Jumat, 04 September 2020

(Bukan) Akhir Media Cetak

(Bukan) Akhir Media Cetak[1][2]

Edi Santoso 

(Hal-50) Newsweek tentu bukan media cetak besar pertama yang gulung tikar. Tetapi pernyataan Pemimpin Redaksi Newsweek Tina Brown bahwa saingan majalah Time ini tidak akan terbit lagi sangat mengejutkan, sampai-sampai ada yang beranggapan inilah penanda bahwa kematian media cetak sudah di depan mata. Banyak yang mulai yakin dengan tesis Marshal Mcluhan (1967) bahwa era tanpa kertas (paperless) akan menandai perjalanan sejarah manusia.

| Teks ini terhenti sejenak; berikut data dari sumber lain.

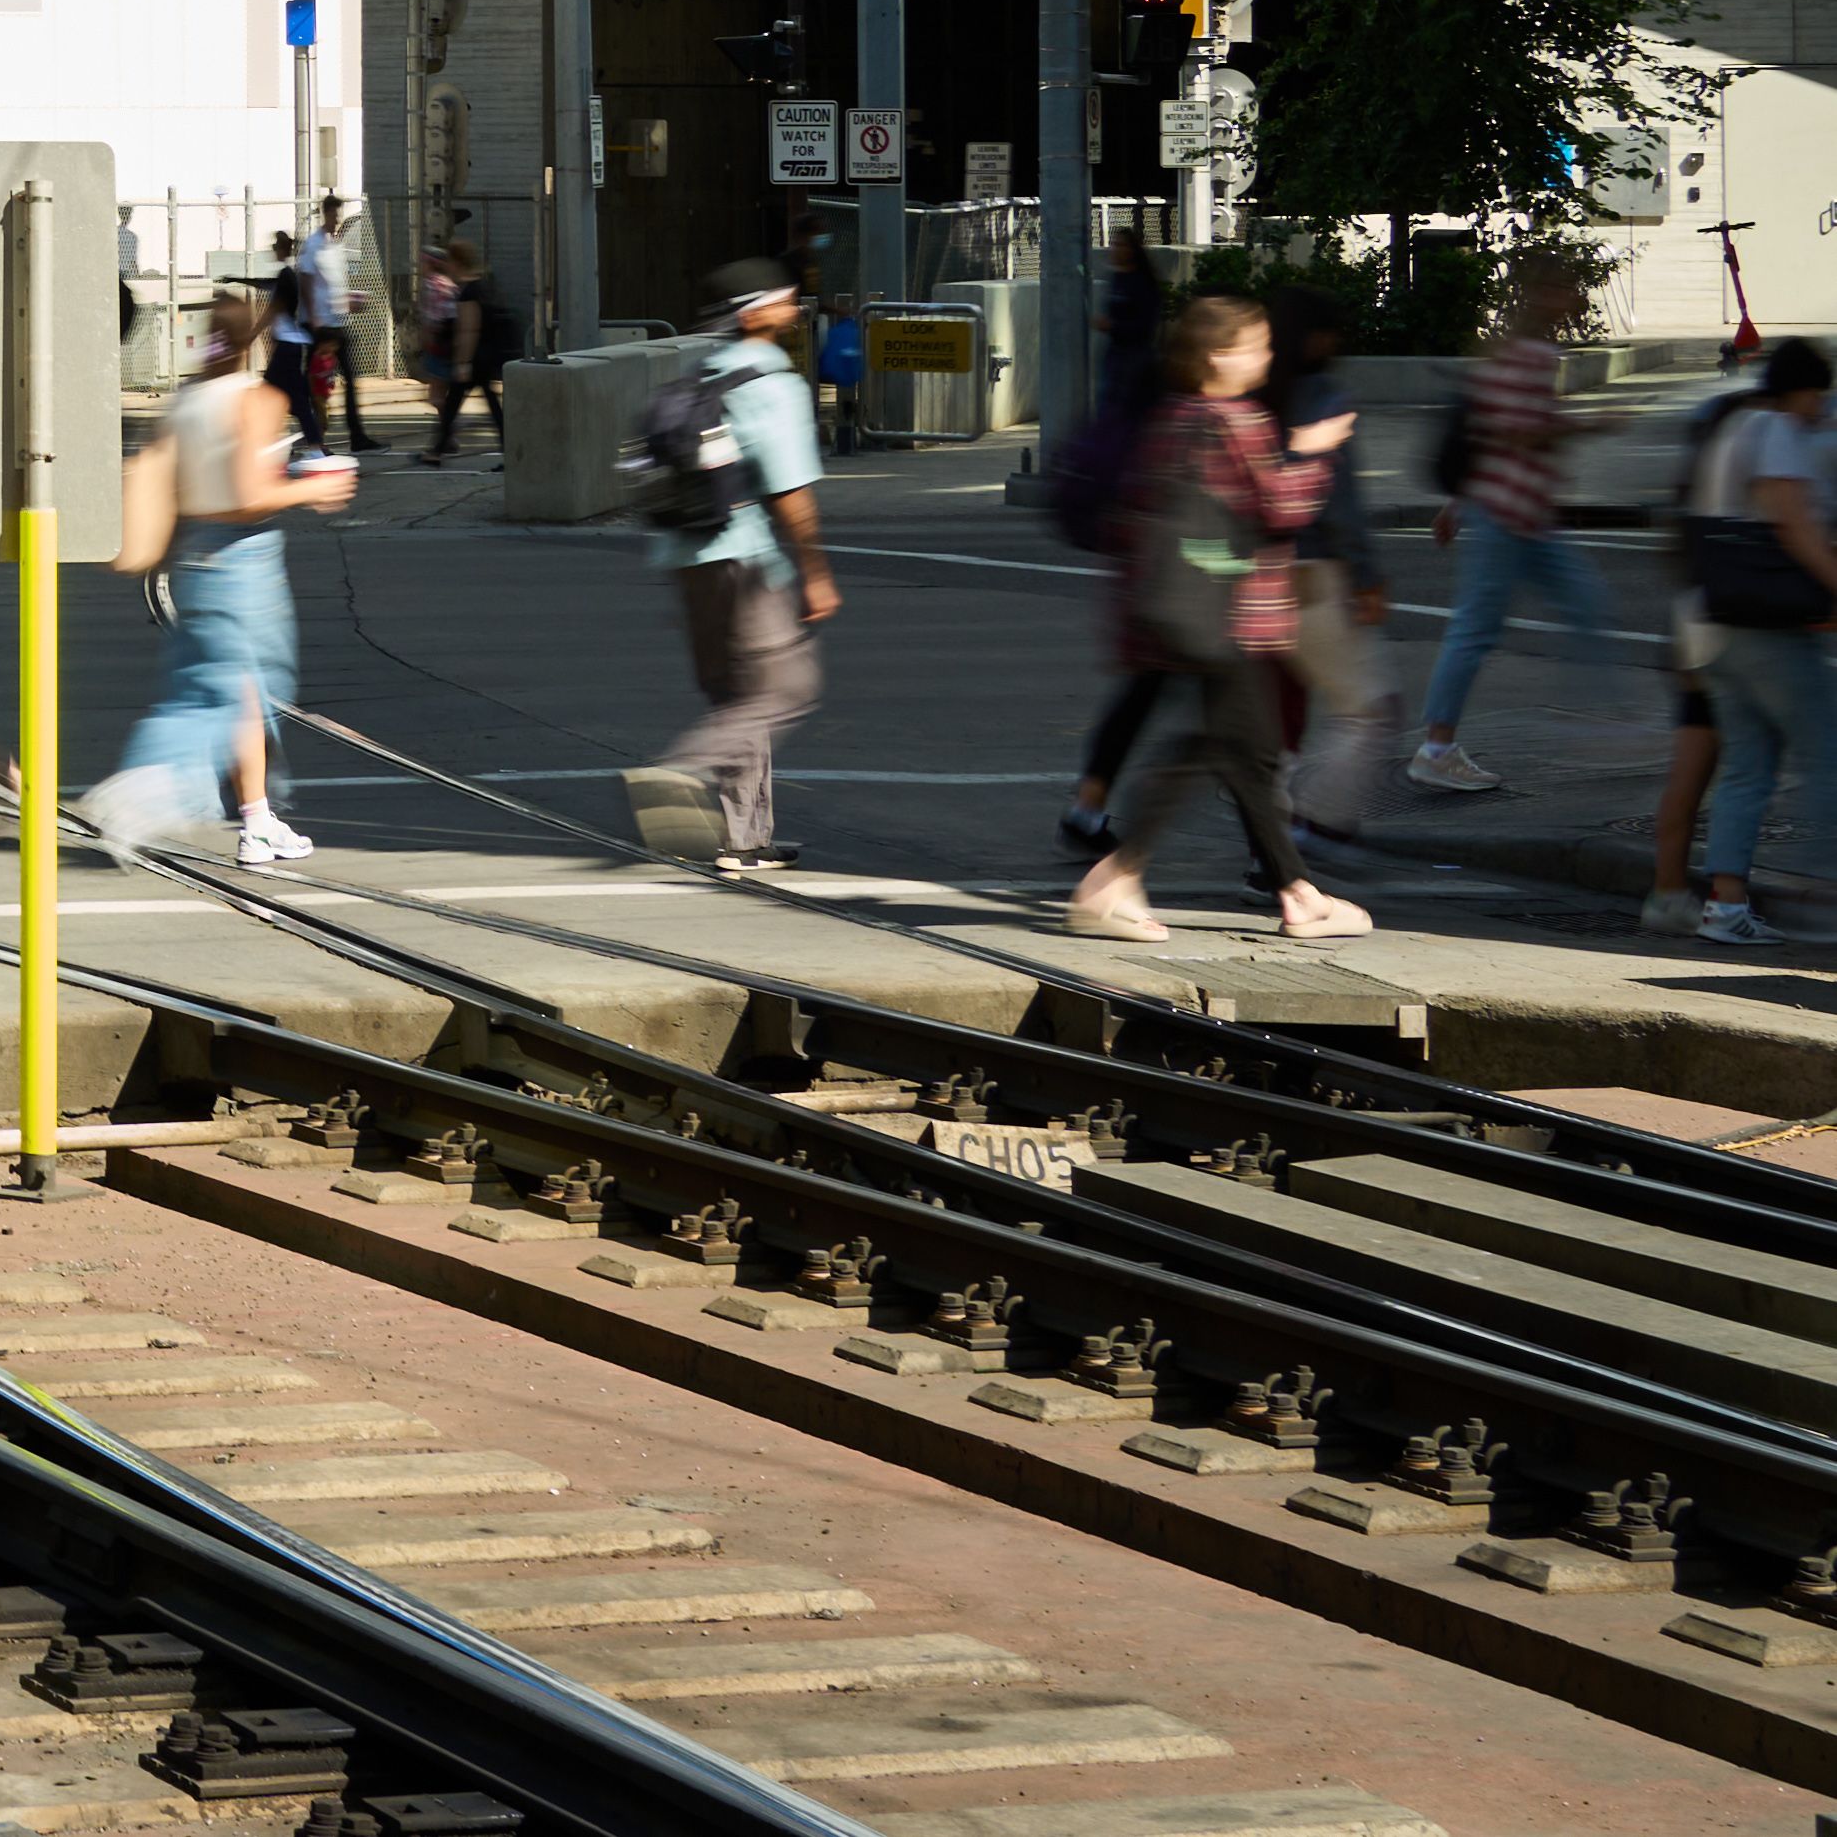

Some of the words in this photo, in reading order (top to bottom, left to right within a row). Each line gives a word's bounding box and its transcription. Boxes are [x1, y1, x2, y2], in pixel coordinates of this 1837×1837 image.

[777, 108, 831, 123] CAUTION
[853, 114, 897, 125] DANGER
[781, 130, 827, 142] WATCH
[792, 145, 815, 156] FOR
[902, 323, 937, 334] LOOK
[884, 340, 918, 351] BOTH
[920, 341, 956, 352] WAYS
[883, 357, 908, 368] FOR
[912, 358, 956, 369] TRAINS

Bahwa orang terkejut, sangatlah wajar, mengingat reputasi Newsweek selama delapan dekade terakhir. Didirikan pada 1933 oleh Thomas JC Martyn, mantan editor Time, majalah Newsweek pernah menjadi majalah yang ditunggu-tunggu bersama. Warga rela menunggu selama seminggu hanya untuk menunggu apa gerangan yang akan disajikan Newsweek. Pelanggan majalah ini sempat sampai 3,15 juta orang pada puncaknya tahun 2000. Bisa dibilang, Time  dan Newsweek adalah dua ikon majalah berskala internasional.

Pertanyaan mudahnya, jika Newsweek saja tak tahan dengan tantangan pasar, bagaimana dengan majalah-majalah lain? Tentu saja tidak sesederhana itu untuk menjelaskan realitas media cetak yang sesungguhnya. Brown sendiri menjelaskan transformasi Newsweek yang sampai terakhir terbit masih memiliki 1,5 juta pelanggan, dari cetak menjadi digital, lebih merupakan strategi bisnis. Pembaca Newsweek tidak hengkang sama sekali, tetapi berkurang.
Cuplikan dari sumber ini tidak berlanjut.